Dataset items:
···
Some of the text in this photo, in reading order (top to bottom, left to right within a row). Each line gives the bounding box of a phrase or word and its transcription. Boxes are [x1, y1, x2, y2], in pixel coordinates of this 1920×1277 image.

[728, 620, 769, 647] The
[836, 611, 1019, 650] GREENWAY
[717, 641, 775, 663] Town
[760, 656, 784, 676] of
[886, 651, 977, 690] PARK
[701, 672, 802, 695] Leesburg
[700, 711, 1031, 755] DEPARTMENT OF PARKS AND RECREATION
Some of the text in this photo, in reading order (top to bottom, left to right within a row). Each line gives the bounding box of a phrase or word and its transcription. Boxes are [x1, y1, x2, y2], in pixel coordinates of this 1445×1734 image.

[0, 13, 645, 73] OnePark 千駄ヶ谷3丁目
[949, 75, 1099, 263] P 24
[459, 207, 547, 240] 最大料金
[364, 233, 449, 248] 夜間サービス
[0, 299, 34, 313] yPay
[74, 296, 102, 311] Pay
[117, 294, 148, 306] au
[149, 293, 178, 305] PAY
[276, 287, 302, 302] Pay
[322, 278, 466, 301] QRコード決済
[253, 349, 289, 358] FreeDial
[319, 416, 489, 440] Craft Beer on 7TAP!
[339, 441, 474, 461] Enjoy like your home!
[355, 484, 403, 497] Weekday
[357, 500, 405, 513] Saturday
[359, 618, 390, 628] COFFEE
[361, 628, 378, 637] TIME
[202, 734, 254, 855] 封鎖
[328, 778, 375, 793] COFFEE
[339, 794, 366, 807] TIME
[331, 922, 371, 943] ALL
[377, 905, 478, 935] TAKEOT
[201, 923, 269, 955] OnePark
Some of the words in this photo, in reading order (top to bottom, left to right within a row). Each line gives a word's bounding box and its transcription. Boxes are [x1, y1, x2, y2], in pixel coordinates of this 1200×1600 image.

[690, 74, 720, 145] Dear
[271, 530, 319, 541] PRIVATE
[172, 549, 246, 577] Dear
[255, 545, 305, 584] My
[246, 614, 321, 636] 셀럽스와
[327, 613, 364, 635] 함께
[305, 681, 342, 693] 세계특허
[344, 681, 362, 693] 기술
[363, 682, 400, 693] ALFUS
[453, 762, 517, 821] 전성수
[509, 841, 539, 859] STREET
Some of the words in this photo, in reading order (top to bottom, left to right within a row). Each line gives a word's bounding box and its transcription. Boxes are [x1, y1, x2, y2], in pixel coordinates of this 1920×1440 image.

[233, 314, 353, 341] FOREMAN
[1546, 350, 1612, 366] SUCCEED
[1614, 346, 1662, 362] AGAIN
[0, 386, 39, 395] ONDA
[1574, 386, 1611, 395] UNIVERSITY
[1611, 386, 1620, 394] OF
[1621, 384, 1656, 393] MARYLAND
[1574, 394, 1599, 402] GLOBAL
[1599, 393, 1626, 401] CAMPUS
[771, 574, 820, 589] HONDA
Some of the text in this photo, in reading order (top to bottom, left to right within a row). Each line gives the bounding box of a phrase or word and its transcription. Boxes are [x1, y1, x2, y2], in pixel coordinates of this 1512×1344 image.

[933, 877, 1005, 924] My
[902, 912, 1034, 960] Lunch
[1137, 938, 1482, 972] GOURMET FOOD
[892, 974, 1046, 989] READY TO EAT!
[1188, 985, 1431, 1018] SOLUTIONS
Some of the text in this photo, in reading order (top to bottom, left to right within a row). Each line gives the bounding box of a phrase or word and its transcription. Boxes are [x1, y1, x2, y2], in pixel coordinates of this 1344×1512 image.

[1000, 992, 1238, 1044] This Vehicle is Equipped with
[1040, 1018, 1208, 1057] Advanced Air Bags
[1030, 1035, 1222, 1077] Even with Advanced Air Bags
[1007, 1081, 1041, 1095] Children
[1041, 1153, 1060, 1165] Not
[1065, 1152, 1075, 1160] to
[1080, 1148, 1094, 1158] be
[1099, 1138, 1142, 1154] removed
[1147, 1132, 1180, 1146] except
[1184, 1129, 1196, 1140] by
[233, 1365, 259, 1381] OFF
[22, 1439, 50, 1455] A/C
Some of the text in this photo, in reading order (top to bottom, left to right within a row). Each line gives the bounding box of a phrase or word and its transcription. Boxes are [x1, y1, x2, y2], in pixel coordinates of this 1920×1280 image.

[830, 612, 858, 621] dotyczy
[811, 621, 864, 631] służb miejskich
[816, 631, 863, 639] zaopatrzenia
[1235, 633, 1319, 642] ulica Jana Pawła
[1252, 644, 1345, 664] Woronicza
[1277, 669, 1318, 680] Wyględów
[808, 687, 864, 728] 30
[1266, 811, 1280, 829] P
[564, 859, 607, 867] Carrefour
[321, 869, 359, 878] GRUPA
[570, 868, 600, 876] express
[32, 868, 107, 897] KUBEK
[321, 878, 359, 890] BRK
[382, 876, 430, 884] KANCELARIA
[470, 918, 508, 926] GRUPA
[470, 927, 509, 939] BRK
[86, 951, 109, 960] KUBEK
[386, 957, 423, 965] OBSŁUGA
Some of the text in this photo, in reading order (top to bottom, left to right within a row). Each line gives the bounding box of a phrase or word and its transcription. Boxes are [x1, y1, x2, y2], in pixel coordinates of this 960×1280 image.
···
What is being asked>
The records above need to be written out once more, exactly.

Result>
Some of the text in this photo, in reading order (top to bottom, left to right within a row). Each line gives the bounding box of a phrase or word and its transcription. Boxes are [x1, y1, x2, y2], in pixel coordinates of this 1920×1277 image.

[728, 620, 769, 647] The
[836, 611, 1019, 650] GREENWAY
[717, 641, 775, 663] Town
[760, 656, 784, 676] of
[886, 651, 977, 690] PARK
[701, 672, 802, 695] Leesburg
[700, 711, 1031, 755] DEPARTMENT OF PARKS AND RECREATION
Some of the text in this photo, in reading order (top to bottom, left to right within a row). Each line gives the bounding box of a phrase or word and its transcription. Boxes are [x1, y1, x2, y2], in pixel coordinates of this 1445×1734 image.

[0, 13, 645, 73] OnePark 千駄ヶ谷3丁目
[949, 75, 1099, 263] P 24
[459, 207, 547, 240] 最大料金
[364, 233, 449, 248] 夜間サービス
[0, 299, 34, 313] yPay
[74, 296, 102, 311] Pay
[117, 294, 148, 306] au
[149, 293, 178, 305] PAY
[276, 287, 302, 302] Pay
[322, 278, 466, 301] QRコード決済
[253, 349, 289, 358] FreeDial
[319, 416, 489, 440] Craft Beer on 7TAP!
[339, 441, 474, 461] Enjoy like your home!
[355, 484, 403, 497] Weekday
[357, 500, 405, 513] Saturday
[359, 618, 390, 628] COFFEE
[361, 628, 378, 637] TIME
[202, 734, 254, 855] 封鎖
[328, 778, 375, 793] COFFEE
[339, 794, 366, 807] TIME
[331, 922, 371, 943] ALL
[377, 905, 478, 935] TAKEOT
[201, 923, 269, 955] OnePark
Some of the words in this photo, in reading order (top to bottom, left to right within a row). Each line gives a word's bounding box and its transcription. Boxes are [x1, y1, x2, y2], in pixel coordinates of this 1200×1600 image.

[690, 74, 720, 145] Dear
[271, 530, 319, 541] PRIVATE
[172, 549, 246, 577] Dear
[255, 545, 305, 584] My
[246, 614, 321, 636] 셀럽스와
[327, 613, 364, 635] 함께
[305, 681, 342, 693] 세계특허
[344, 681, 362, 693] 기술
[363, 682, 400, 693] ALFUS
[453, 762, 517, 821] 전성수
[509, 841, 539, 859] STREET
Some of the words in this photo, in reading order (top to bottom, left to right within a row). Each line gives a word's bounding box and its transcription. Boxes are [x1, y1, x2, y2], in pixel coordinates of this 1920×1440 image.

[233, 314, 353, 341] FOREMAN
[1546, 350, 1612, 366] SUCCEED
[1614, 346, 1662, 362] AGAIN
[0, 386, 39, 395] ONDA
[1574, 386, 1611, 395] UNIVERSITY
[1611, 386, 1620, 394] OF
[1621, 384, 1656, 393] MARYLAND
[1574, 394, 1599, 402] GLOBAL
[1599, 393, 1626, 401] CAMPUS
[771, 574, 820, 589] HONDA
Some of the text in this photo, in reading order (top to bottom, left to right within a row). Each line gives the bounding box of a phrase or word and its transcription. Boxes are [x1, y1, x2, y2], in pixel coordinates of this 1512×1344 image.

[933, 877, 1005, 924] My
[902, 912, 1034, 960] Lunch
[1137, 938, 1482, 972] GOURMET FOOD
[892, 974, 1046, 989] READY TO EAT!
[1188, 985, 1431, 1018] SOLUTIONS
Some of the text in this photo, in reading order (top to bottom, left to right within a row). Each line gives the bounding box of a phrase or word and its transcription. Boxes are [x1, y1, x2, y2], in pixel coordinates of this 1344×1512 image.

[1000, 992, 1238, 1044] This Vehicle is Equipped with
[1040, 1018, 1208, 1057] Advanced Air Bags
[1030, 1035, 1222, 1077] Even with Advanced Air Bags
[1007, 1081, 1041, 1095] Children
[1041, 1153, 1060, 1165] Not
[1065, 1152, 1075, 1160] to
[1080, 1148, 1094, 1158] be
[1099, 1138, 1142, 1154] removed
[1147, 1132, 1180, 1146] except
[1184, 1129, 1196, 1140] by
[233, 1365, 259, 1381] OFF
[22, 1439, 50, 1455] A/C
Some of the text in this photo, in reading order (top to bottom, left to right within a row). Each line gives the bounding box of a phrase or word and its transcription. Boxes are [x1, y1, x2, y2], in pixel coordinates of this 1920×1280 image.

[830, 612, 858, 621] dotyczy
[811, 621, 864, 631] służb miejskich
[816, 631, 863, 639] zaopatrzenia
[1235, 633, 1319, 642] ulica Jana Pawła
[1252, 644, 1345, 664] Woronicza
[1277, 669, 1318, 680] Wyględów
[808, 687, 864, 728] 30
[1266, 811, 1280, 829] P
[564, 859, 607, 867] Carrefour
[321, 869, 359, 878] GRUPA
[570, 868, 600, 876] express
[32, 868, 107, 897] KUBEK
[321, 878, 359, 890] BRK
[382, 876, 430, 884] KANCELARIA
[470, 918, 508, 926] GRUPA
[470, 927, 509, 939] BRK
[86, 951, 109, 960] KUBEK
[386, 957, 423, 965] OBSŁUGA
Some of the text in this photo, in reading order (top to bottom, left to right within a row). Each line gives the bounding box of a phrase or word and its transcription. Boxes are [x1, y1, x2, y2], in pixel coordinates of this 960×1280 image.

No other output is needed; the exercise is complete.